▶ Your instructions
Would you return each entry exactly as written, omitting any pictures?

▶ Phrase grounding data
━━━━━━

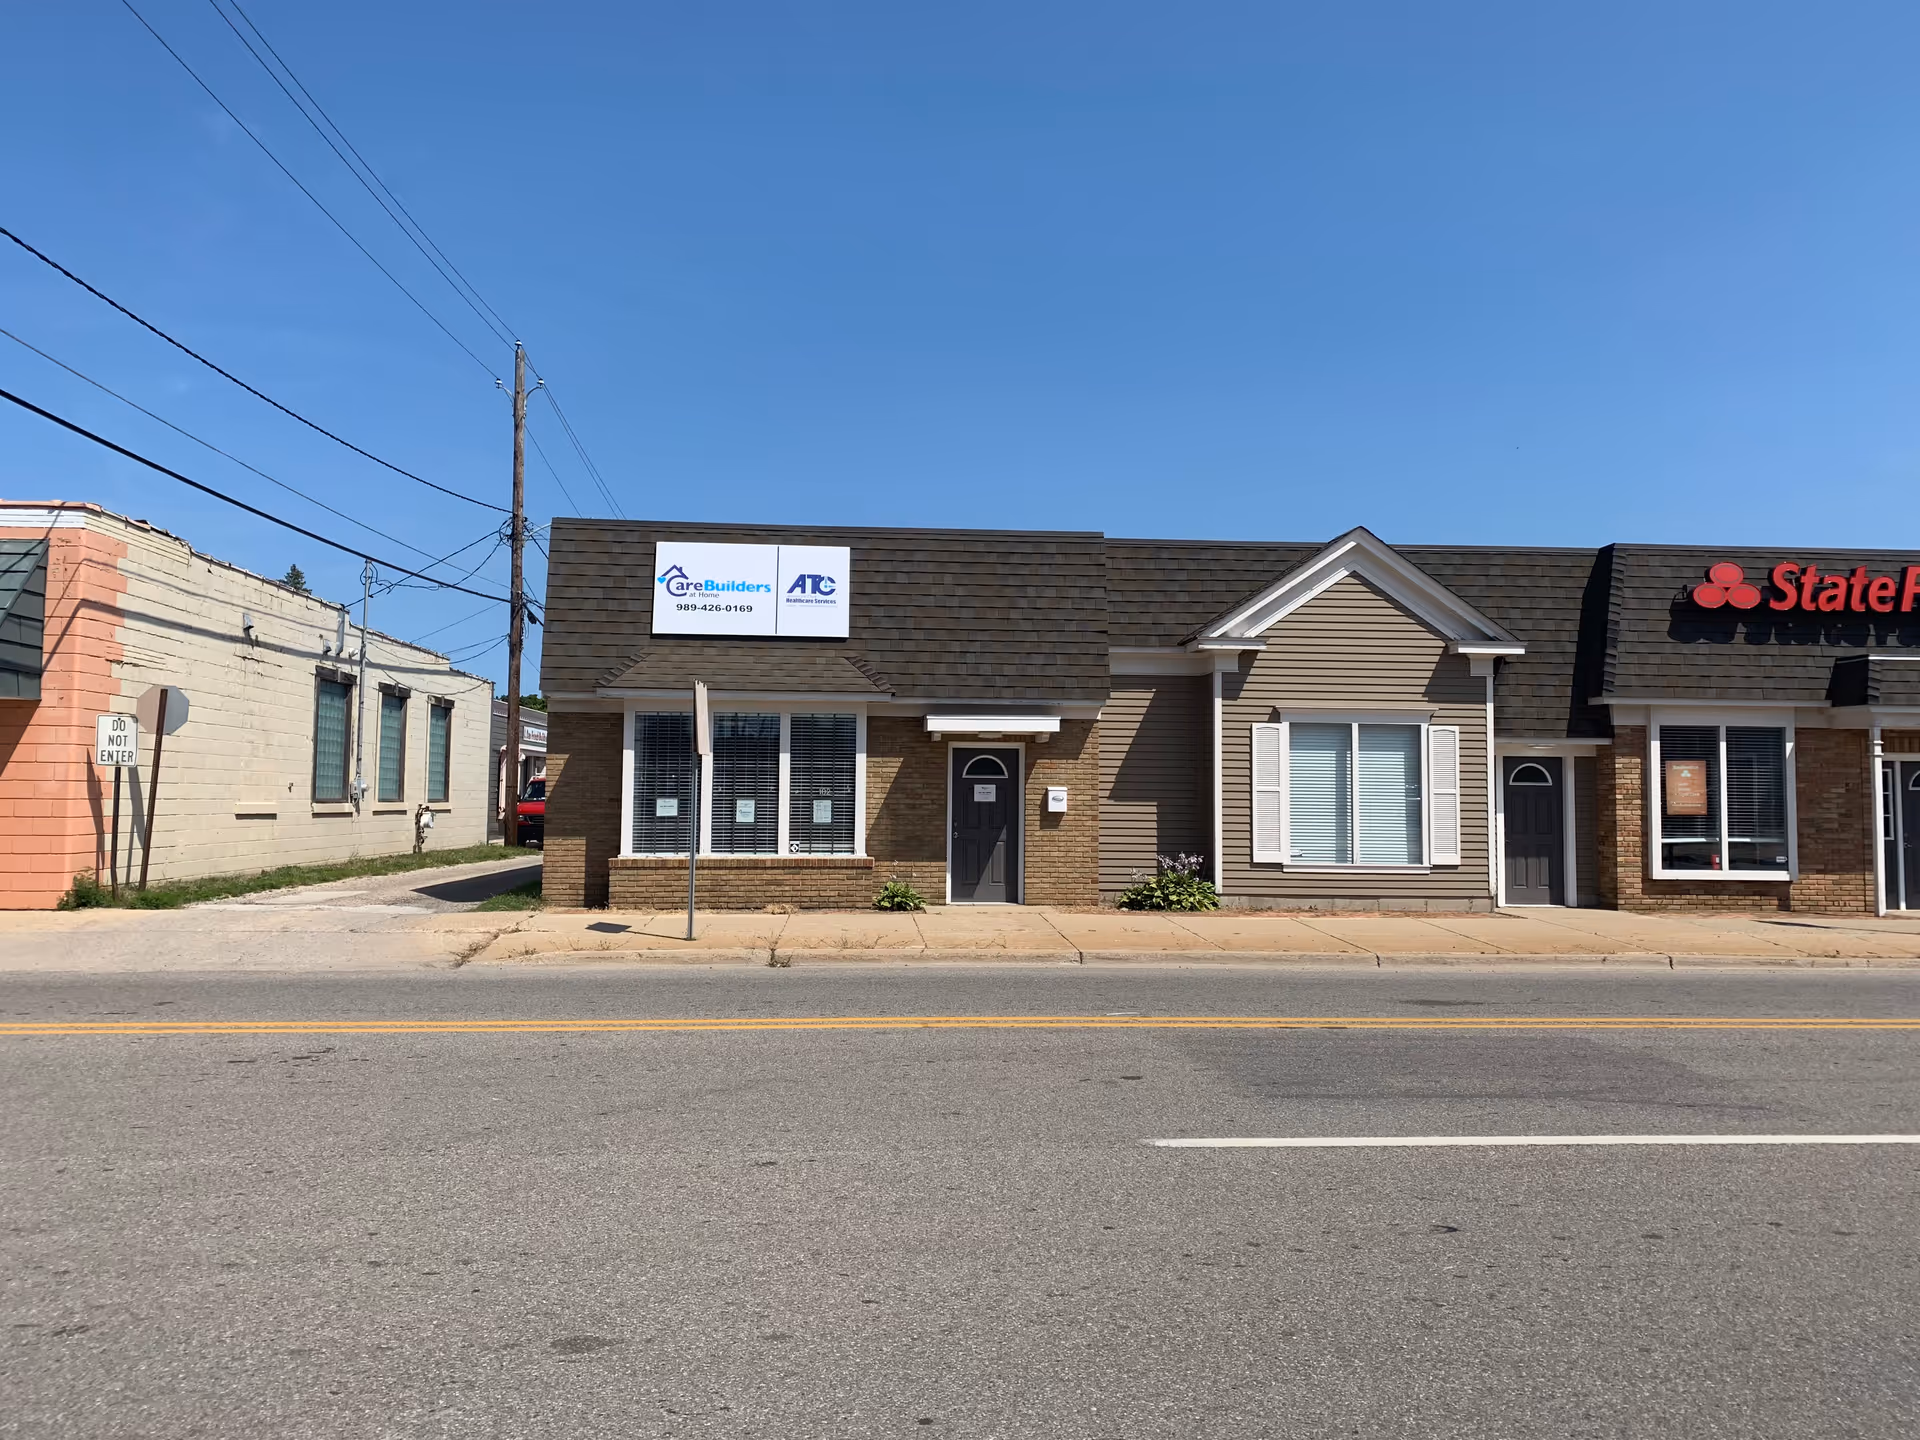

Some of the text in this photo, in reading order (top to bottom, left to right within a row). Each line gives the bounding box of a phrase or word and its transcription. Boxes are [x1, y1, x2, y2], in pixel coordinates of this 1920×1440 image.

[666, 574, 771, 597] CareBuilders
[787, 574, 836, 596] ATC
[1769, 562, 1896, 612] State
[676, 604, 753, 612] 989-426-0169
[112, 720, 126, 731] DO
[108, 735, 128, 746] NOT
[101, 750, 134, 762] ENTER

━━━━━━

▶ Output for this task
Some of the text in this photo, in reading order (top to bottom, left to right within a row). Each line gives the bounding box of a phrase or word and its transcription. Boxes are [x1, y1, x2, y2], in pixel coordinates of this 1920×1440 image.

[666, 574, 771, 597] CareBuilders
[787, 574, 836, 596] ATC
[1769, 562, 1896, 612] State
[676, 604, 753, 612] 989-426-0169
[112, 720, 126, 731] DO
[108, 735, 128, 746] NOT
[101, 750, 134, 762] ENTER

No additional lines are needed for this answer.